Born into a Cuban and Salvadoran immigrant family in Miami, Manuela Guillén is a freelance painter, muralist and digital illustrator residing in Philadelphia. In 2022, Guillén received her M.A. from Moore College of Art & Design. 

Throughout her career, Guillén has worked with various local, national and global art organizations, including Mural Arts Philadelphia and Gender Justice Fund. She has also partnered with larger brands, such as Old Navy for their “Project WE” series, which included a collection of graphic tees designed by diverse artists. Her art often centers around tropical plants, vibrant colors and her cultural heritage to advocate and bring awareness to environmental and sociopolitical issues, as well as art education. The Hawk sat down with Guillén to learn more about her work and career.

Manuela Guillén poses in her art studio in Philadelphia, Pa. PHOTOS COURTESY OF MANUELA GUILLÉN

The Hawk: When did your passion for art first start? 

Guillén: My early childhood memory was when I was like five and I watched a film. And I remember that there was a scene where there were murals and stained glass windows and I started drawing on the ceiling, I don’t even know how, and on the windows and walls, because I wanted to make a mural in my mind. And that’s one of my earliest memories for art.

The Hawk: What did you originally want your career in art to look like? 

Guillén: Throughout high school and college, I didn’t know where art would lead me. I didn’t think of it as a career yet. I think, at the time, I was still trying to do storytelling in my work, which I still do, but I was hoping to get in the gallery world and showcase.

The Hawk: What made you decide to eventually go into public art? 

Guillén: I started interning for a public art organization called “Fung Collaboratives.” They were based in New York City and did public art, and I saw this opportunity in the public art world and how you don’t need to show your work in a gallery to be known or seen. I’ve met all types of artists from internationally renowned artists to street artists and local artists, and I remember feeling like it was much more wholesome.
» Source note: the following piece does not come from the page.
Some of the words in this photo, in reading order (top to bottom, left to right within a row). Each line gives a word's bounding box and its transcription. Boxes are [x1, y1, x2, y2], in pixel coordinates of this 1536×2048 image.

And I was like, “I think I want to do this. I want to do this type of work.” 

Manuela Guillén’s mural “En El Barrio, We Grow Together.”

The Hawk: What made you decide that painting was the style of art you wanted to produce most? 
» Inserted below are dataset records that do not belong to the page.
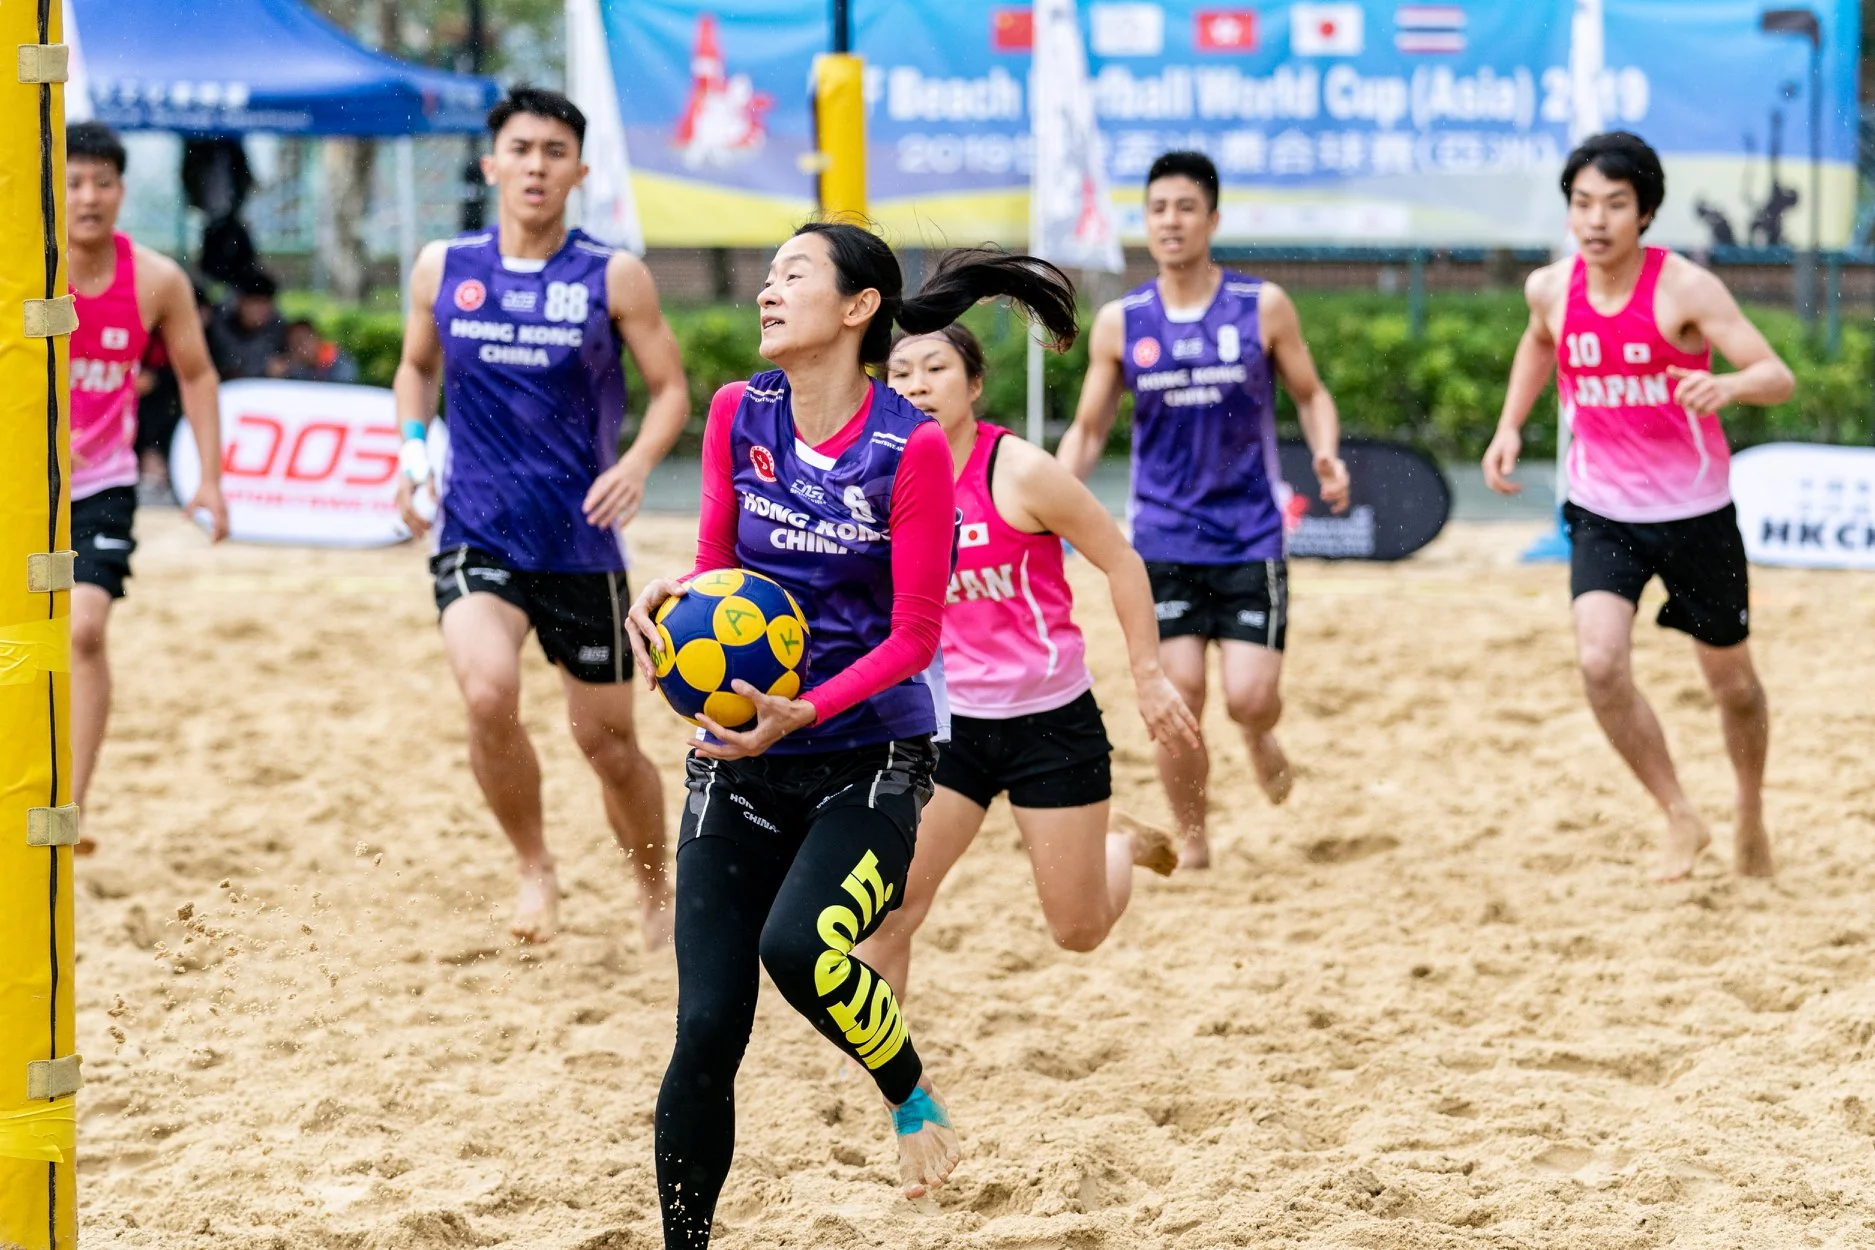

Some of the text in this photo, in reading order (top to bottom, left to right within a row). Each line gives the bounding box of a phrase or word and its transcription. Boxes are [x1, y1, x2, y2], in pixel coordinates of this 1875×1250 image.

[890, 66, 1021, 120] Beach
[1198, 65, 1318, 120] World
[1326, 64, 1406, 129] Cup
[1412, 65, 1534, 131] (Asia)
[1542, 67, 1648, 121] 219
[545, 281, 589, 323] 88
[451, 318, 583, 347] HONG KONG
[1566, 332, 1601, 368] 10
[479, 344, 550, 367] CHINA
[70, 357, 124, 392] PAN
[1575, 373, 1670, 408] JAPAN
[742, 491, 810, 528] HONG
[945, 563, 1016, 604] PAN
Guillén: Public art was really the door to see how not only can you get your work seen by tons of people, but it’s super wholesome. It’s reflective of the community and yourself, but also like that there was a career in art. I was a painter major. Everyone around me was doing graphic art, and I was like, “Oh no, I want to tell stories.” I think painting does a really good job of doing that, and I started doing that through murals.

The Hawk: What is some of the inspiration behind your work? 

Guillén: I love the tropics. I love to daydream about different parts of Latin America, especially where my family’s from [in] Cuba and Salvador. Miami, sometimes, because it did feel like a whole nother world. It’s not like here, I don’t think it’s like anywhere else, to be honest, in America. The work kind of became nostalgic. This way for me to tap back into culture, to the roots.

The Hawk: Who is someone in your life who motivated you to enter freelance art? 

Guillén: My partner. He had a business for 10 years, where he had a record label. He was like, “you need to do this.” He’s like, “you’re going to be okay.” And then he’s like, “remember, and if you’re not okay, you’ve always been resilient. You’ll bounce back, and you’ll fight.” And then I was like, “Yeah, you’re right.”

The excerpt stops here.